According to Jordan, Dwyer then said, “I gave it to him, I didn’t give it to you.”
He said he initially thought the situation was “kind of comical,” that he thought Dwyer was “just kinda messing with” him.
Jordan said Dwyer then pushed him in the throat with his finger, uttering an explicit threat to “rip” part of his body off.
“I was just really scared,” Jordan said. “I was really freaked out.”
“I didn’t know what was going to happen next.
“That’s when I would have hit him.”
He told the court he didn’t think there was any other way out of the situation.
“It all happened so fast,” he said.
Jordan said Dwyer then fell over.
When asked by the defence if he intended to cause serious bodily harm when he punched, Jordan said no.
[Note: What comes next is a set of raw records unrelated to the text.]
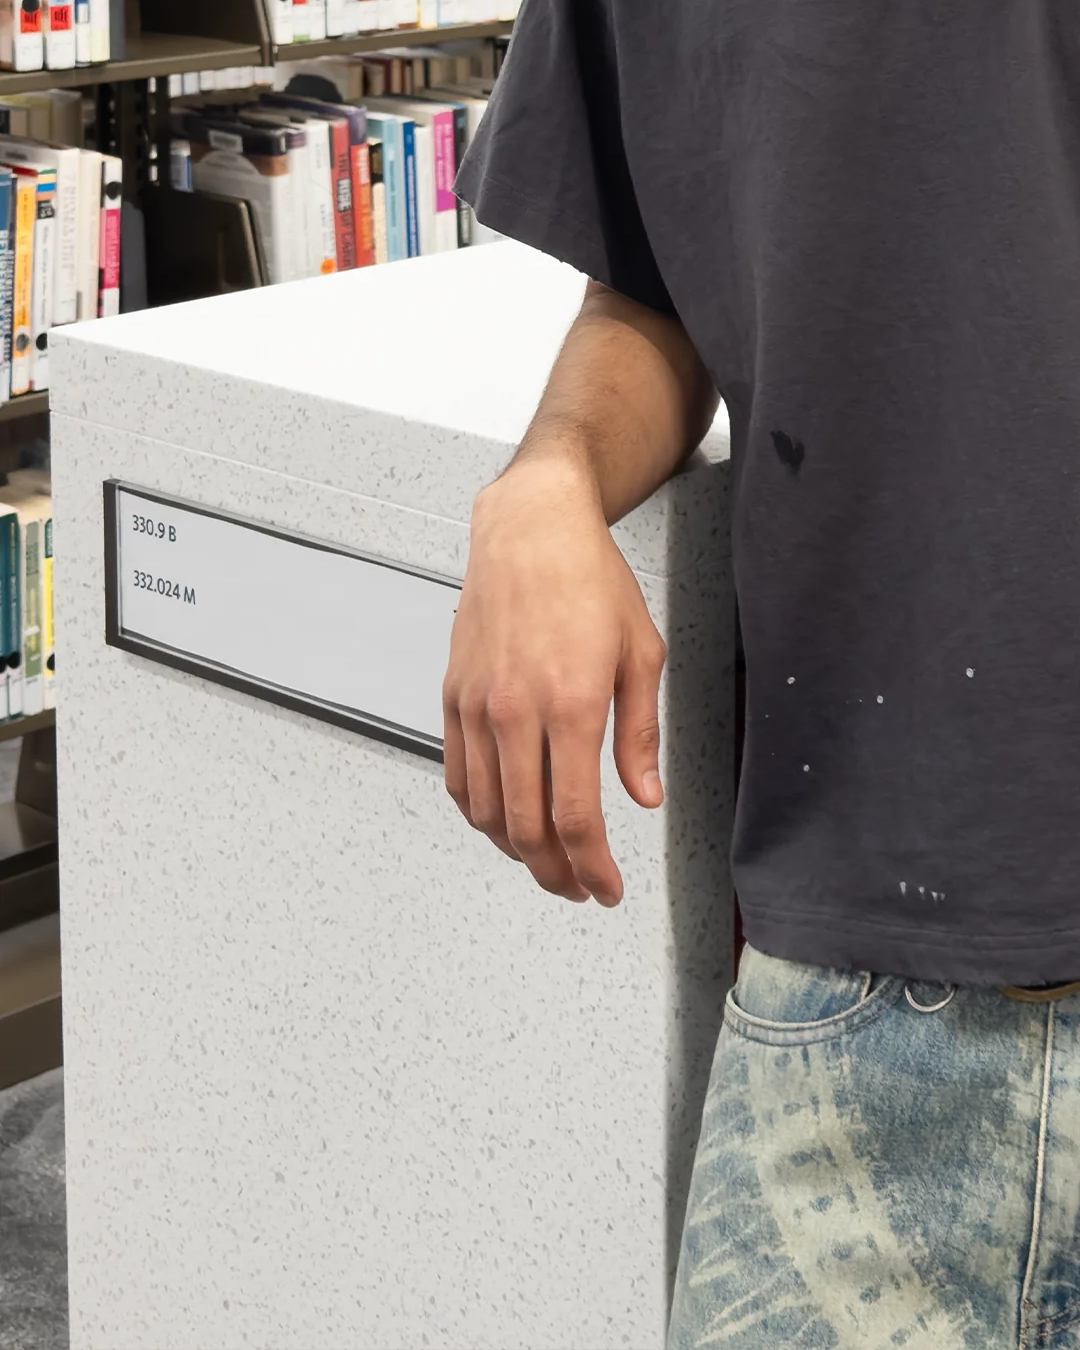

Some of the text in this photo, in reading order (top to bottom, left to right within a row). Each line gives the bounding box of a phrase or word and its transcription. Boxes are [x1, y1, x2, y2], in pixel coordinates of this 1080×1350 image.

[338, 152, 349, 174] THE
[338, 179, 351, 212] RISE
[132, 513, 177, 543] 330.9 B
[133, 569, 196, 605] 332.024 M
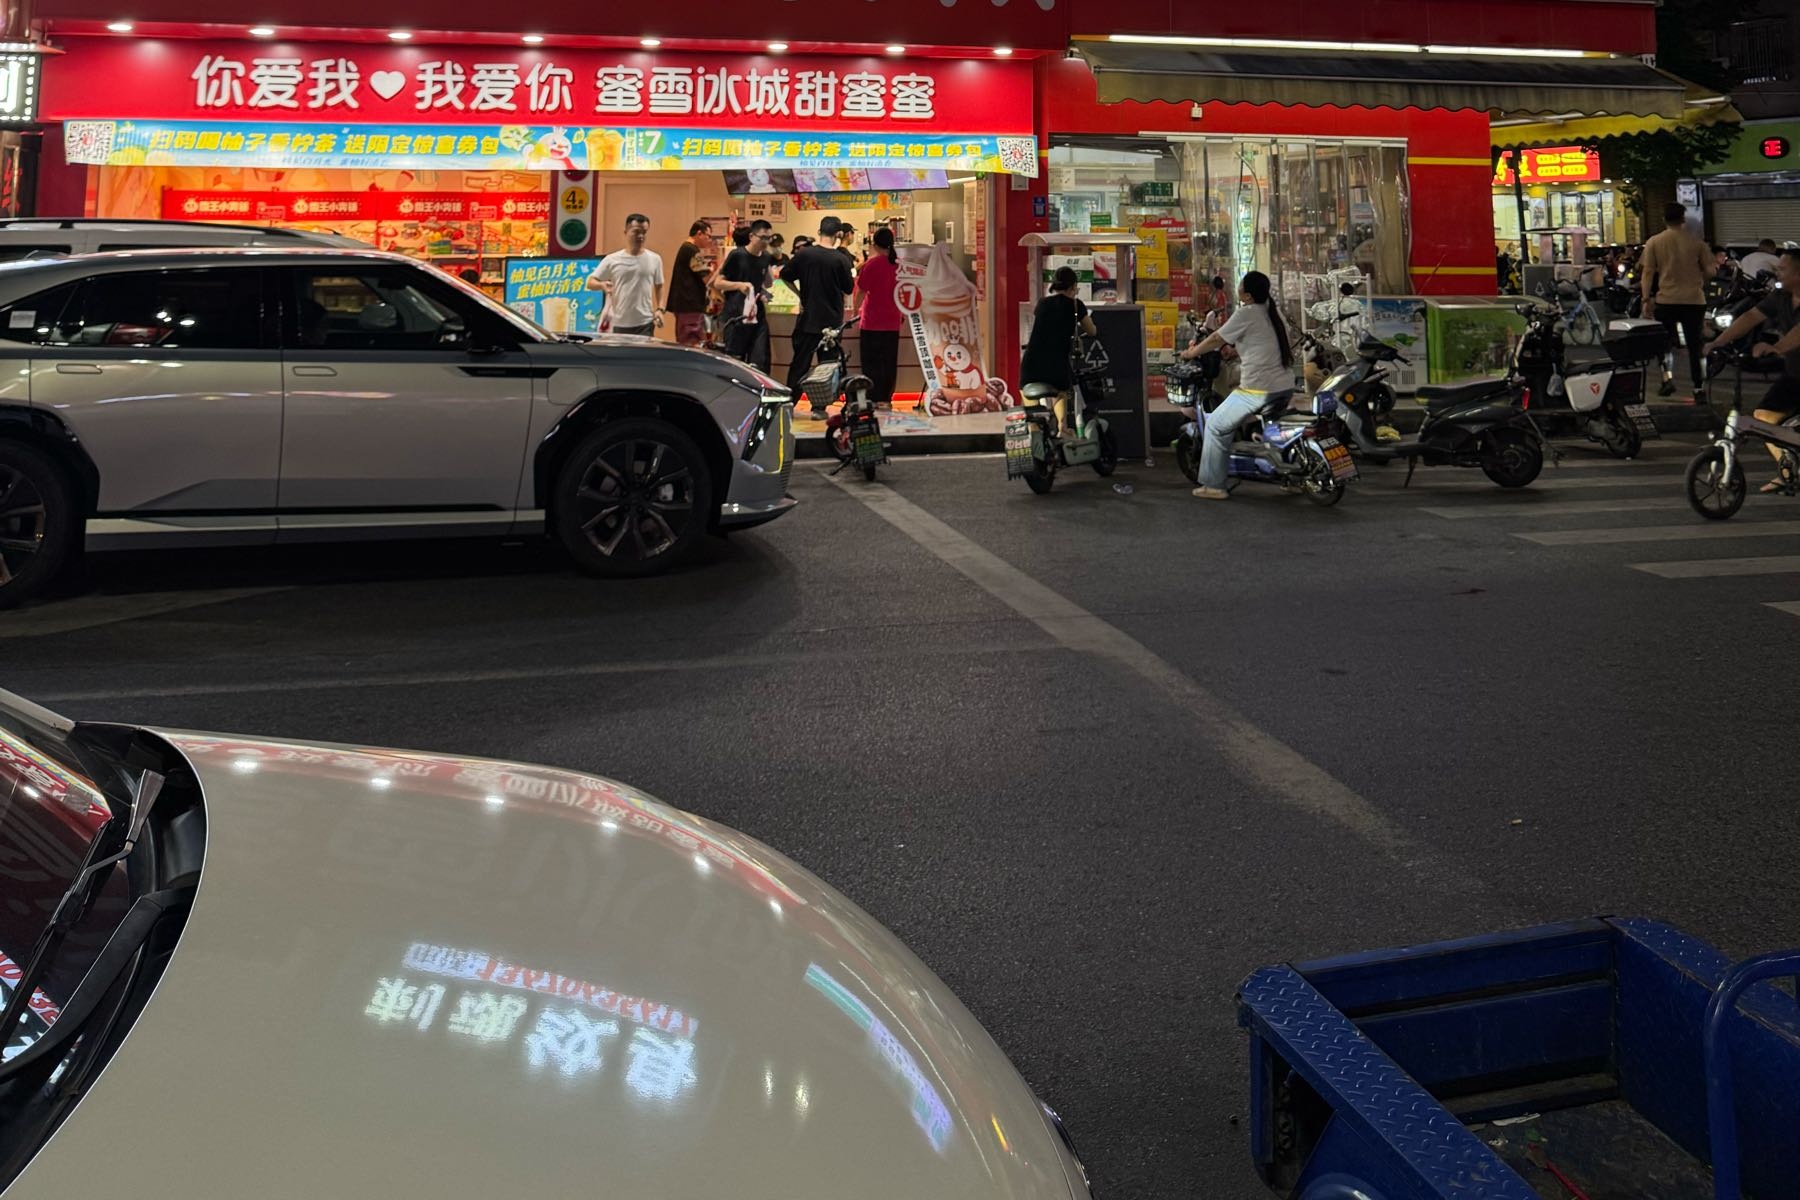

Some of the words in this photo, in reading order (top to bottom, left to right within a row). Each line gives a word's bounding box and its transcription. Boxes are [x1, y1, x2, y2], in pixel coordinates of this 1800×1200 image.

[191, 54, 360, 110] 你爱我
[415, 61, 574, 113] 我爱你
[595, 63, 935, 120] 蜜雪冰城甜蜜蜜
[645, 130, 662, 154] 7
[510, 261, 578, 284] 柚见白月光
[902, 285, 917, 308] 7
When cross-examined by the Crown, Jordan was asked to walk through security footage of the incident from the Saint John Ale House patio.
Following his testimony, the defence called Nick Bynkoski to the stand.
Bynkoski was working as a bouncer at McGill’s on the Saint John boardwalk that night.
He described seeing the scuffle, then going to track Jordan down – but said Jordan came to him before he had to.
Bynkoski said Jordan looked scared and lost.
“Like he didn’t know what just happened,” he said.
After Bynkoski’s testimony, the jury was dismissed for the weekend.
Closing arguments from both the Crown and defence are expected Tuesday.
The jury will be charged Wednesday – sequestered until a verdict is reached.